Edge Boxes is a novel method for generating object bounding box proposals using edges. The method leverages the sparse yet informative nature of edges to identify potential object locations. The key observation is that the number of contours fully enclosed by a bounding box indicates the likelihood of the box containing an object. A simple box objectness score is proposed, which measures the number of edges inside the box minus those that are part of contours overlapping the box's boundary. This score is computed efficiently using data structures, allowing for the rapid evaluation of millions of candidate boxes, returning a ranked set of top-scoring proposals. The method achieves high accuracy and efficiency, with results showing over 96% object recall at an overlap threshold of 0.5 and over 75% recall at 0.7 using just 1000 proposals. The approach runs in 0.25 seconds and a near real-time variant runs in 0.1 seconds with minimal accuracy loss.
The method uses a structured edge detector to generate edge maps, which are then clustered into edge groups. Affinities between edge groups are computed based on their positions and orientations. The score for a box is calculated by summing the edge strength of groups within the box and subtracting the strength of groups that overlap the box's boundary. A sliding window approach is used to generate candidate boxes, which are then refined using a coarse-to-fine search. The method outperforms state-of-the-art approaches in terms of accuracy and efficiency, achieving higher recall and faster processing times. Results show that Edge Boxes performs well across various IoU thresholds and numbers of object proposals, with the Edge Boxes 70 variant performing particularly well. The method is efficient, with a runtime of 0.25 seconds for the baseline approach and 0.09 seconds for the near real-time variant. The approach is also effective in generating object proposals for a wide range of applications, including object detection and segmentation.Edge Boxes is a novel method for generating object bounding box proposals using edges. The method leverages the sparse yet informative nature of edges to identify potential object locations. The key observation is that the number of contours fully enclosed by a bounding box indicates the likelihood of the box containing an object. A simple box objectness score is proposed, which measures the number of edges inside the box minus those that are part of contours overlapping the box's boundary.

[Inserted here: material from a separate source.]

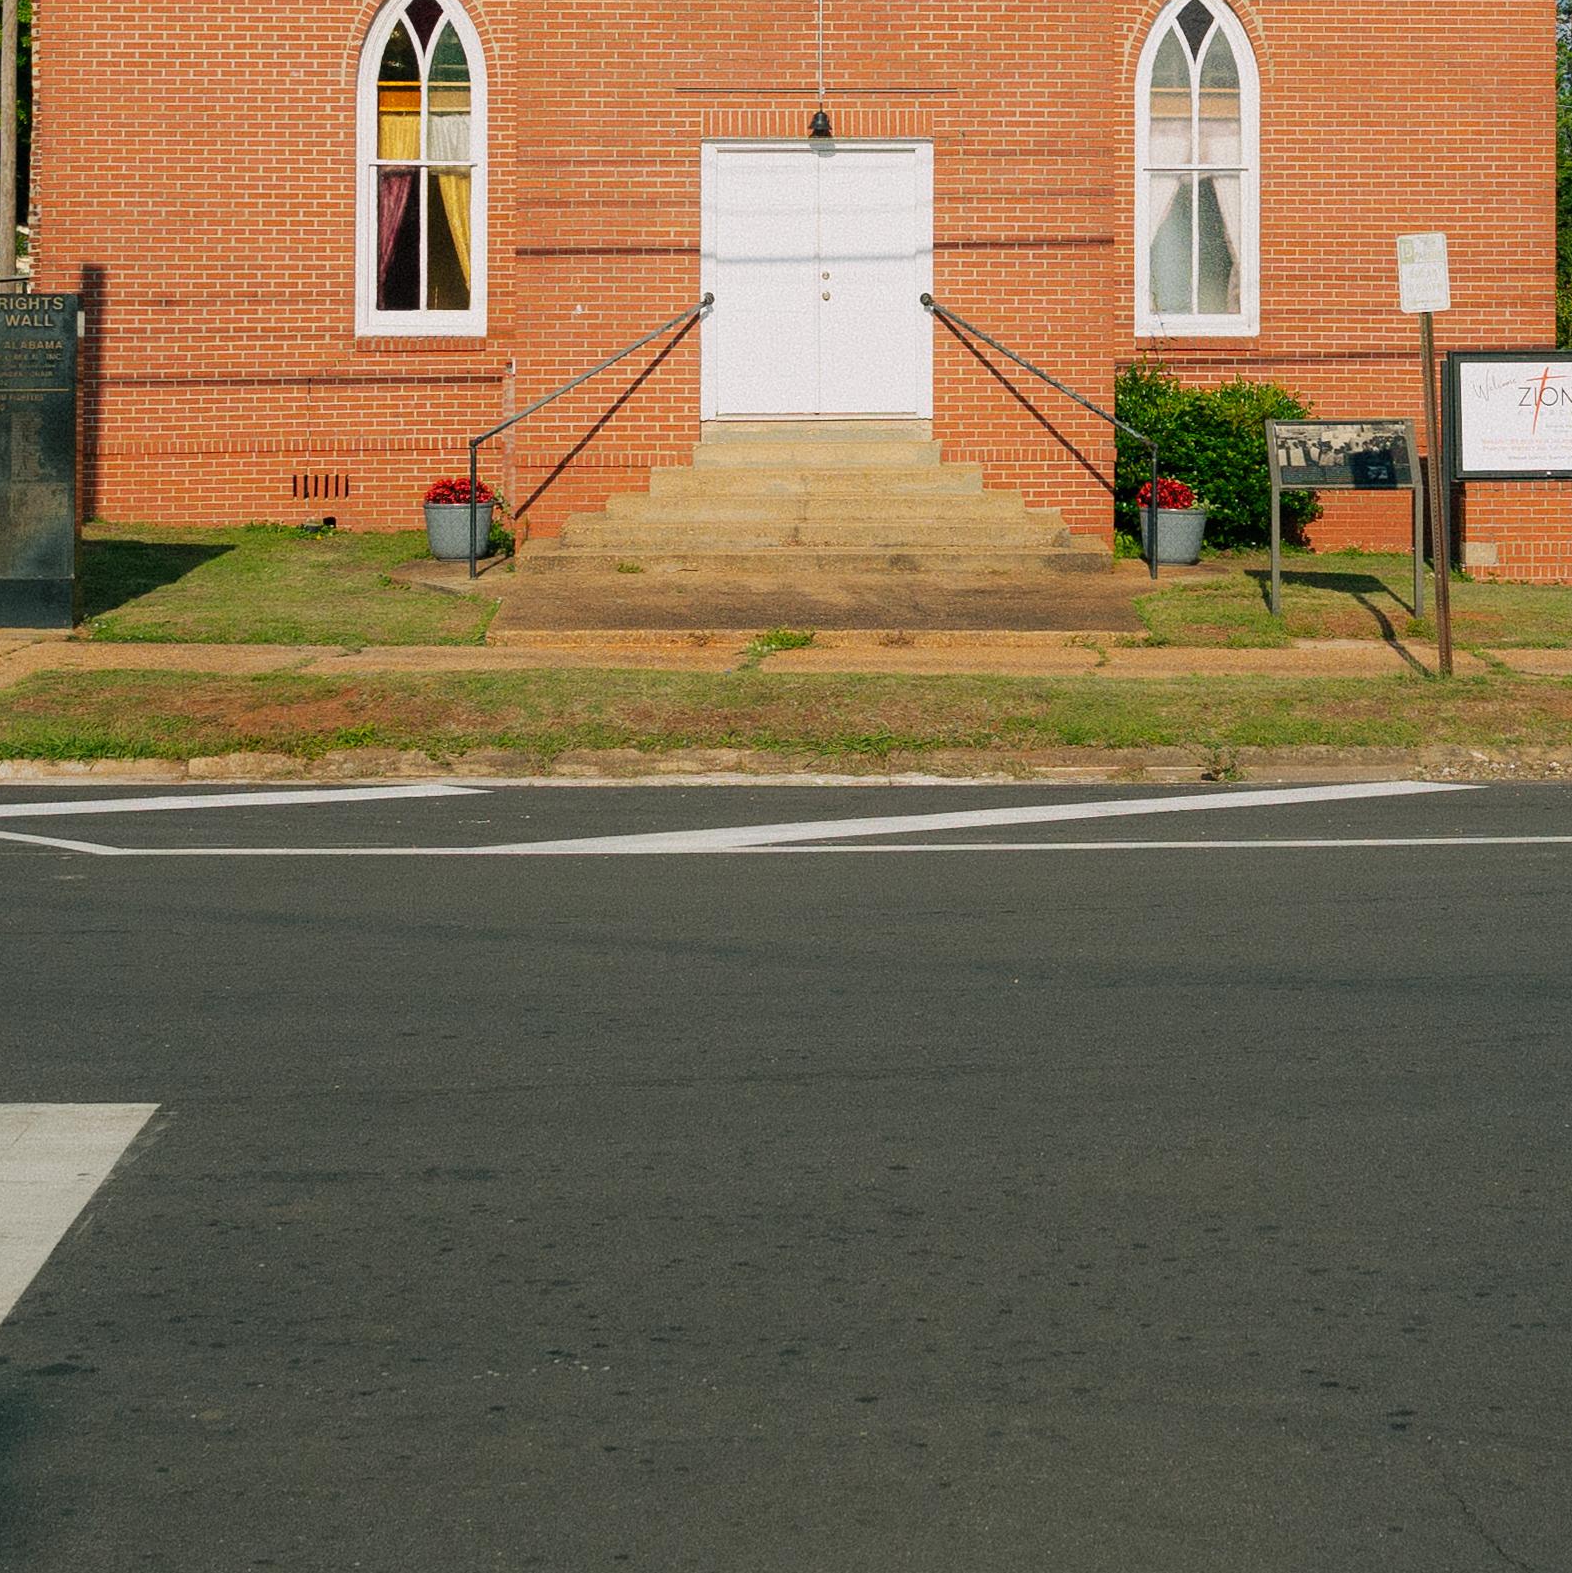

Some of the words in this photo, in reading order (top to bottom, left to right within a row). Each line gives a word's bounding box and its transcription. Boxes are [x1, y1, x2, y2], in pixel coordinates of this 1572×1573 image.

[5, 314, 54, 327] WALL
[3, 340, 64, 350] ALABAMA
[1472, 369, 1517, 402] Welcome

This score is computed efficiently using data structures, allowing for the rapid evaluation of millions of candidate boxes, returning a ranked set of top-scoring proposals. The method achieves high accuracy and efficiency, with results showing over 96% object recall at an overlap threshold of 0.5 and over 75% recall at 0.7 using just 1000 proposals. The approach runs in 0.25 seconds and a near real-time variant runs in 0.1 seconds with minimal accuracy loss.
The method uses a structured edge detector to generate edge maps, which are then clustered into edge groups. Affinities between edge groups are computed based on their positions and orientations. The score for a box is calculated by summing the edge strength of groups within the box and subtracting the strength of groups that overlap the box's boundary. A sliding window approach is used to generate candidate boxes, which are then refined using a coarse-to-fine search. The method outperforms state-of-the-art approaches in terms of accuracy and efficiency, achieving higher recall and faster processing times. Results show that Edge Boxes performs well across various IoU thresholds and numbers of object proposals, with the Edge Boxes 70 variant performing particularly well. The method is efficient, with a runtime of 0.25 seconds for the baseline approach and 0.09 seconds for the near real-time variant. The approach is also effective in generating object proposals for a wide range of applications, including object detection and segmentation.